Cassandra addresses the problem of failures by using a peer-to-peer distributed system across homogeneous nodes where data is distributed among all nodes in the cluster. Each node exchanges information across the cluster every second (Gossip Protocol). A sequentially written commit log on each node captures write activity to ensure data durability. Data is then indexed and written to an in-memory structure (balanced tree), called a memtable, which resembles a write-back cache. Once the in-memory data structure is full, the data is written to disk in an SSTable data file. All writes are automatically partitioned and replicated throughout the cluster (Requests can wait to choose for one node, a quorum, or all nodes to accept the write). Using a process called compaction Cassandra periodically consolidates SSTables, discarding obsolete data and tombstones (an indicator that data was deleted). Client’s read or write requests can be sent to any node in the cluster. When a client connects to a node with a request, that node serves as the coordinator for that particular client operation. The coordinator acts as a proxy between the client application and the nodes that own the data being requested. The coordinator determines which nodes in the ring should get the request based on how the cluster is configured

Eventually consistent. Not Easy to Join in NoSQL Database.

Denormalize Data

Cassandra = No Joins. So rethink how to model data for Cassandra, and use a big flat table, another thing is to simulate the join in your client application. or use Apache Spark’s SparkSQL™ with Cassandra.

Row-Oriented

Cassandra’s data model can be described as a partitioned row store, in which data is stored in sparse multidimensional hashtables. “Sparse” means that for any given row you can have one or more columns, but each row doesn’t need to have all the same columns as other rows like it (as in a relational model). “Partitioned” means that each row has a unique key which makes its data accessible, and the keys are used to distribute the rows across multiple data stores.

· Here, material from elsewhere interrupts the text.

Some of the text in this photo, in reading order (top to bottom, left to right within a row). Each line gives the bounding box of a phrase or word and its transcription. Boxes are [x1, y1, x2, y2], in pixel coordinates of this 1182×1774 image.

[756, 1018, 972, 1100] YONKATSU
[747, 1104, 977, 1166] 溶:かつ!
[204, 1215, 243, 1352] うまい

Cassandra Query Language (CQL), which provides a way to define schema via a syntax similar to the Structured Query Language (SQL) familiar to those coming from a relational background.

Running the CQL Shell

$ bin/cqlsh localhost 9042

cqlsh> DESCRIBE CLUSTER;
Cluster: Test Cluster
    Partitioner: Murmur3Partitioner
    ...

-- keyspace likes schema
cqlsh> CREATE KEYSPACE my_keyspace WITH replication = {'class':
      'SimpleStrategy', 'replication_factor': 1};

cqlsh> USE my_keyspace;
    cqlsh:my_keyspace>			

cqlsh:my_keyspace> CREATE TABLE user ( first_name text ,
      last_name text, PRIMARY KEY (first_name));

cqlsh:my_keyspace> INSERT INTO user (first_name, last_name )
      VALUES ('Bill', 'Nguyen');

-- Delete a column
cqlsh:my_keyspace> DELETE last_name FROM USER WHERE
      first_name='Bill';

-- Delete entire row
cqlsh:my_keyspace> DELETE FROM USER WHERE first_name='Bill';								

Cassandra Client API

public class CassandraClientExample {

	static void main(String[] args) {
		// Connect to the cluster and keyspace "library"
		Cluster cluster = Cluster.builder().addContactPoint("localhost").build();
		Session session = cluster.connect("library");

		// Insert one record into the customer table
		session.execute(
				"INSERT INTO customer (lastname, age, city, email, firstname) VALUES ('Ram', 35, 'Delhi', 'Ram@example.com', 'Shree')");

		// Use select to get the customer we just entered
		ResultSet results = session.execute("SELECT * FROM customer WHERE lastname='Delhi'");

		for (Row row : results) {
			System.out.format("%s %dn", row.getString("firstname"), row.getInt("age"));
		}

		// Update the same customer with a new age
		session.execute("update customer set age = 36 where lastname = 'Delhi'");

		// Select and show the change
		results = session.execute("select * from customer where lastname='Delhi'");

		for (Row row : results) {
			System.out.format("%s %dn", row.getString("firstname"), row.getInt("age"));
		}

		// Delete the customer from the customer table
		session.execute("DELETE FROM customer WHERE lastname = 'Delhi'");

		// Show that the customer is gone
		result = session.execute("SELECT * FROM customer");

		for (Row row : results) {
			System.out.format("%s %d %s %s %sn", row.getString("lastname"), row.getInt("age"), row.getString("city"),
					row.getString("email"), row.getString("firstname"));
		}

		// Insert one record into the customer table
		PreparedStatement statement = session
				.prepare("INSERT INTO customer" + "(lastname, age, city, email, firstname)" + "VALUE (?,?,?,?,?);");

		BoundStatement boundStatement = new BoundStatement(statement);
		session.execute(boundStatement.bind("Ram", 35, "Delhi", "ram@example.com", "Shree"));

		// Use select to get the customer we just entered
		Statement select = QueryBuilder.select().all().from("library", "customer")
				.where(QueryBuilder.eq("lastname", "Ram"));

		results = session.execute(select);
		for (Row row : results) {
			System.out.format("%s %d n", row.getString("firstname"), row.getInt("age"));

		}

		// Delete the customer from the customer table
		Statement delete = QueryBuilder.delete().from("customer").where(QueryBuilder.eq("lastname", "Ram"));

		results = session.execute(delete);

		// Show that the customer is gone
		select = QueryBuilder.select().all().from("library", "customer");

		results = session.execute(select);
		for (Row row : results) {
			System.out.format("%s %d %s %s %sn", row.getString("lastname"), row.getInt("age"), row.getString("city"),
					row.getString("email"), row.getString("firstname"));
		}

		// Clean up the connection by closing it
		cluster.close();
	}

}

Cassandra Query Language

Cassandra’s Data Model

Instead of storing null for those values we don’t know, which would waste space, we just won’t store that column at all for that row. So now we have a sparse, multidimensional array structure.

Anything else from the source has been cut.